#### MATERIALS PROVIDED

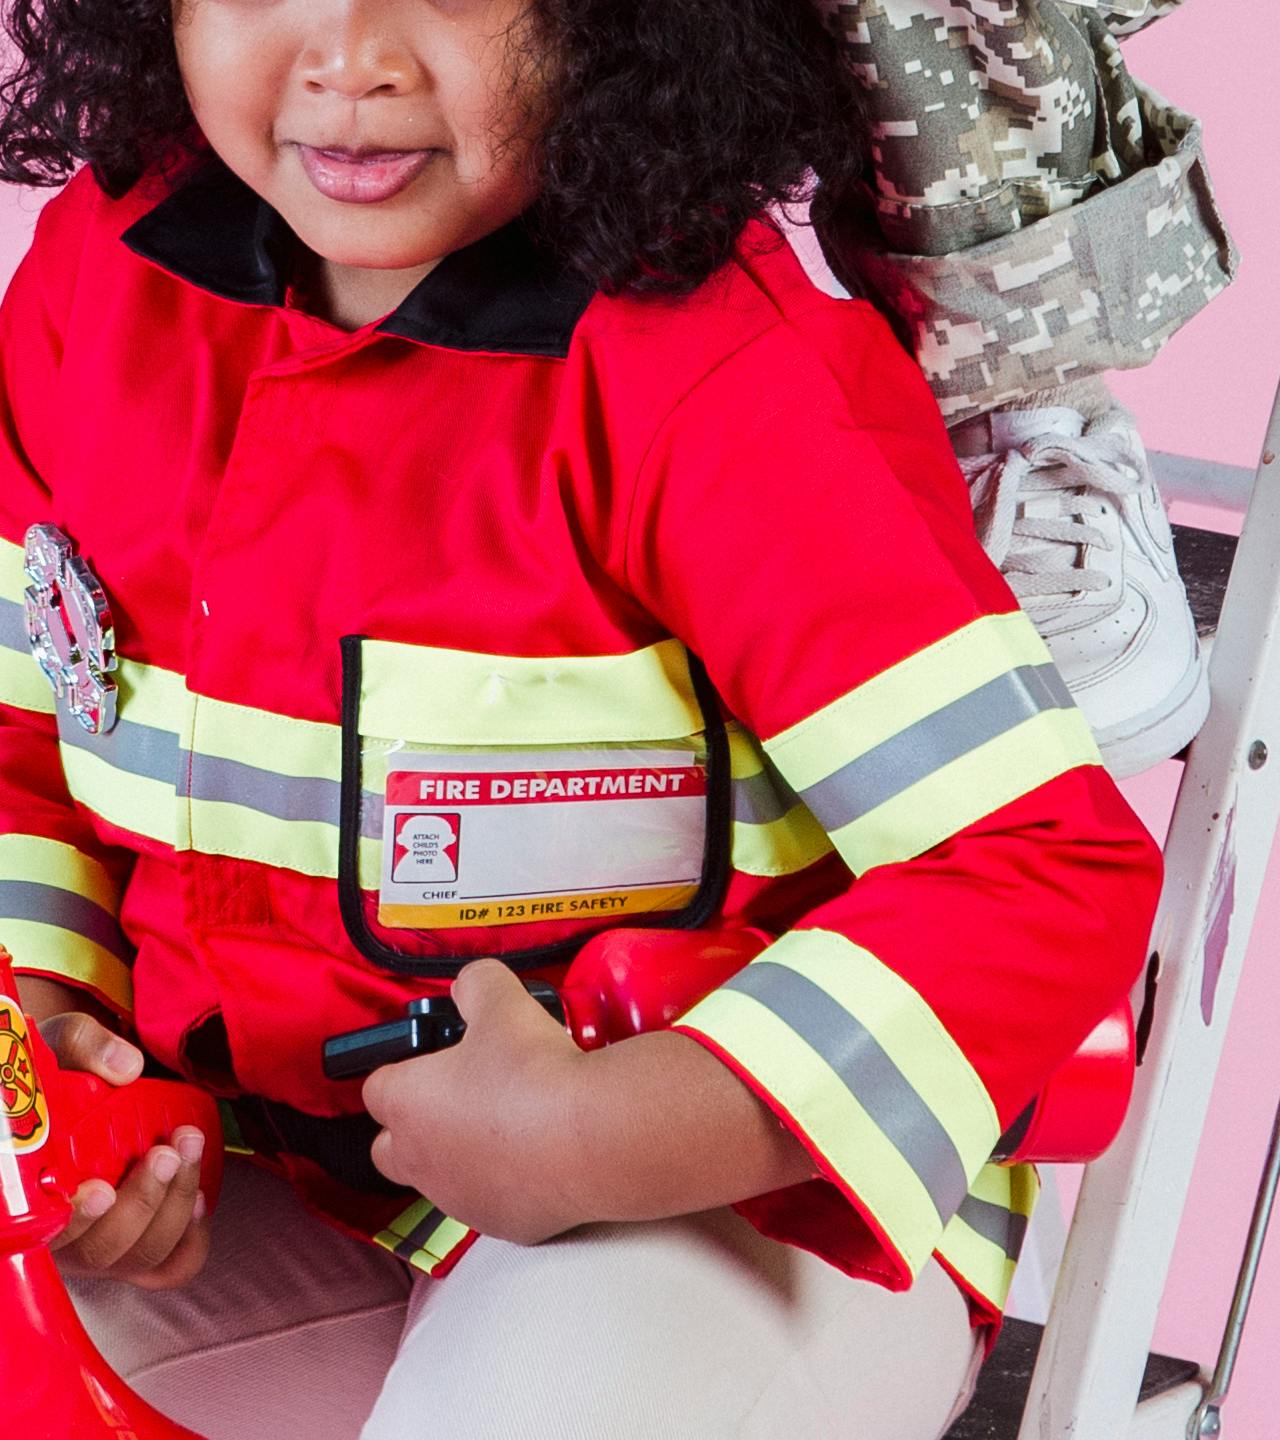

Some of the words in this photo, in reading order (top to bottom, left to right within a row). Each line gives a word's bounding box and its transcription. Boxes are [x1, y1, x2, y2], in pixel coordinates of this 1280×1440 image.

[419, 779, 481, 801] FIRE
[489, 773, 686, 801] DEPARTMENT
[412, 833, 440, 841] ATTACH
[412, 841, 439, 849] CHILD'S
[422, 890, 458, 900] CHIEF
[459, 906, 489, 920] ID#
[498, 905, 525, 918] 123
[531, 902, 564, 916] FIRE
[570, 896, 629, 911] SAFETY

########

* [WHAT THE TASK REQUIRES] Transcribe all of the lines above exactly as given. The pictures stay out.

* [RESULT OF THIS TASK]
Some of the words in this photo, in reading order (top to bottom, left to right within a row). Each line gives a word's bounding box and its transcription. Boxes are [x1, y1, x2, y2], in pixel coordinates of this 1280×1440 image.

[419, 779, 481, 801] FIRE
[489, 773, 686, 801] DEPARTMENT
[412, 833, 440, 841] ATTACH
[412, 841, 439, 849] CHILD'S
[422, 890, 458, 900] CHIEF
[459, 906, 489, 920] ID#
[498, 905, 525, 918] 123
[531, 902, 564, 916] FIRE
[570, 896, 629, 911] SAFETY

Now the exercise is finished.